I brought a Yaesu G-5400B azimuth and elevation rotator & controller system from a friend at a local radio club about 6 months ago. I brought the rotator as faulty. When I powered the rotator up on the bench, I couldn’t find any fault. I built a PC-Rotator controller interface similar to the Yaesu GS-232 interface to accompany the G-5400B controller, and while doing extensive testing, no fault with the rotator became apparent.
This weekend, following the acquisition of some fibreglass poles at the Rosmalen hamfest, I decided to set up my bayed 144 MHz beams with the azimuth/elevation rotator. After mounting the antennas on the beam, fixing the phasing harness and the mast-head preamp and connecting the cabling, I noticed that the rotator was no-longer working correctly. Although both of the rotators would turn, the azimuth display on the control box failed as soon as the coax was connected to the radio (or more specifically, the coax screen connected to anything in the shack that was earthed).
Using a multimeter to inspect what was going on, it was clear that the coax ground was sinking current sent to the potentiometer inside the azimuth rotator. Looking at the schematic, the cause would appear to be that the +6V side of the feedback potentiometer was somehow becoming shorted by the connection of the coax screen.

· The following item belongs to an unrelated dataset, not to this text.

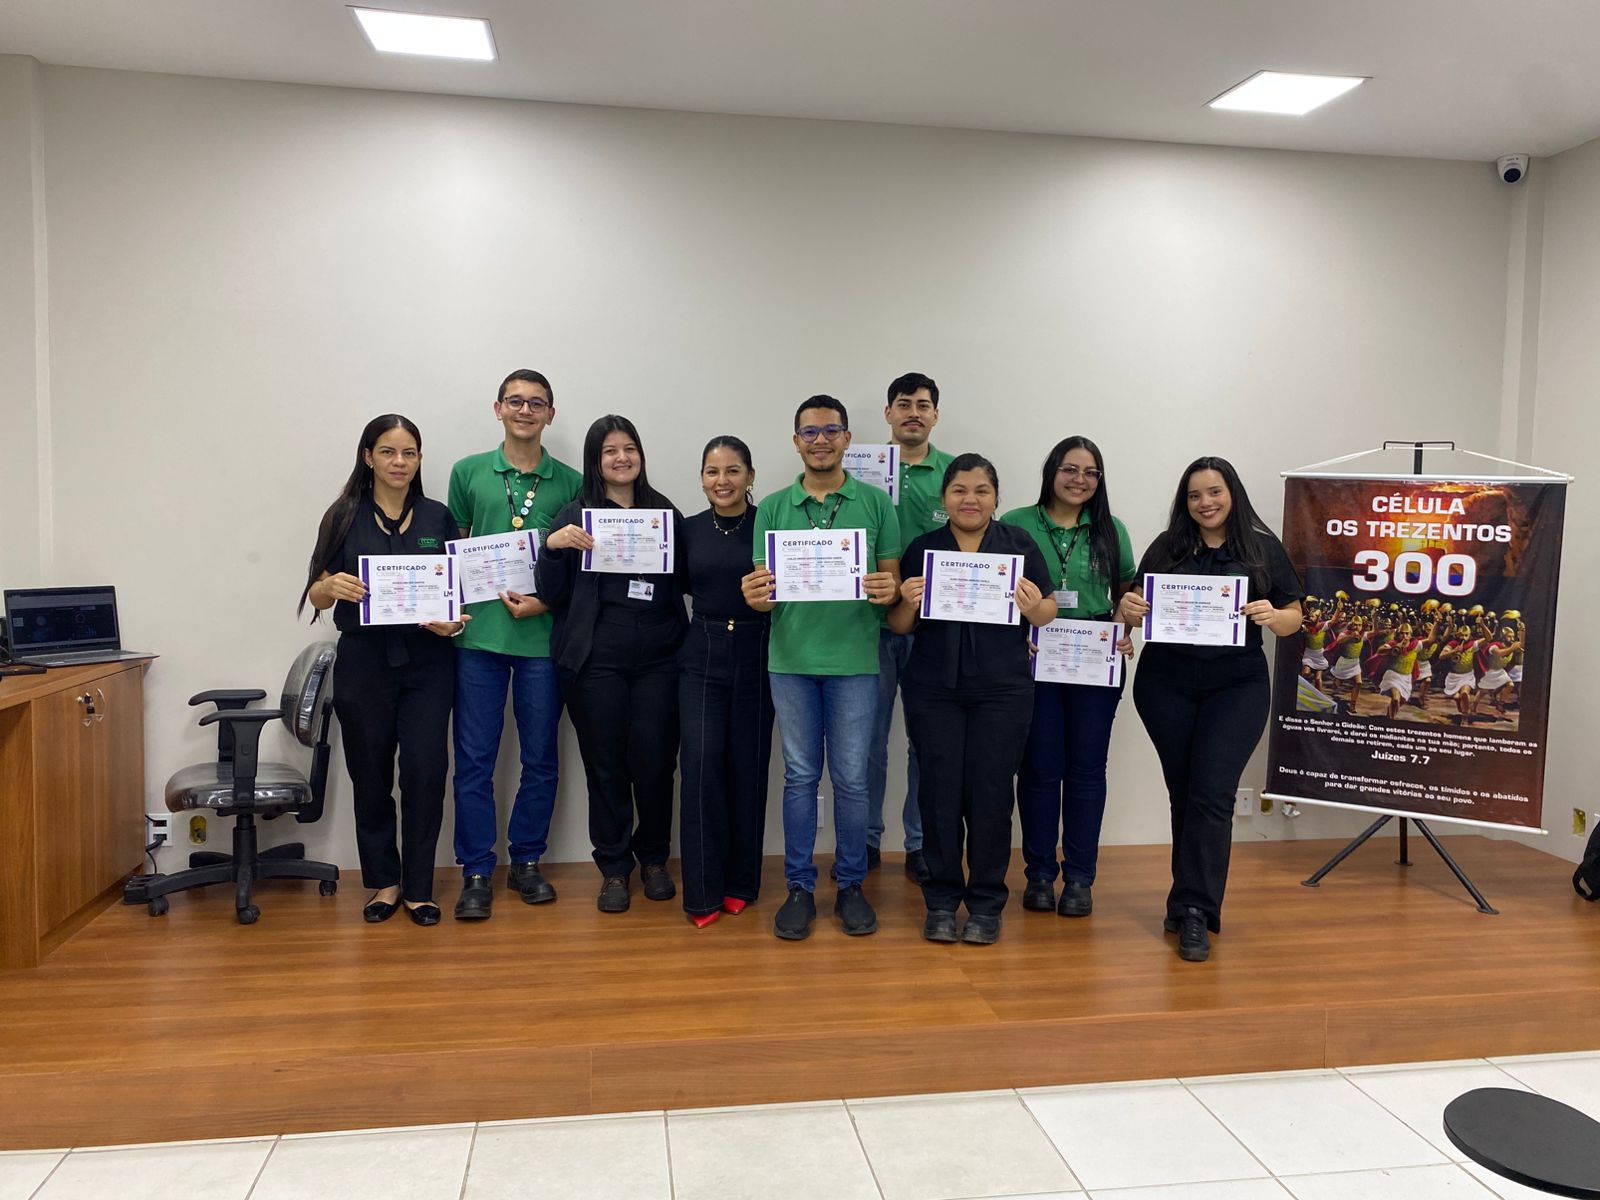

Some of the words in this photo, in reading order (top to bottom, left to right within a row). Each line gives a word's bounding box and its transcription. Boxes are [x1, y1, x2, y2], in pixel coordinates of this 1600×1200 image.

I decided to pop the cover and see what was going on
From inspection, you can see that the original hypothesis was correct and that one side of the potentiometer was shorting to the casting – the brown wire had been caught between the plate visible and mounting point. Since the antenna metal is grounded via the coax, this effectively shorted out via the broken insulation on the brown wire.
The repair was the simple process of snipping the broken wire, and soldering a new one in. I also used two tiny cable ties to bundle the wires to the potentiometer and to ensure they were kept away from the mounting hole, too.
The rotator goes back together easily assuming you have followed the usual advice when dismantling these rotators; marking the case and internal gear such that it can be reassembled with the same aligning.
After finishing the reassembly of the the G-5400 rotator, being sure to grease the bearings, I was ready to mount the antennas and try again.
This time around, the rotator functioned perfectly. The total repair took around an hour. Now I need to finish the PC interface to make use of the fancy graphics LCD!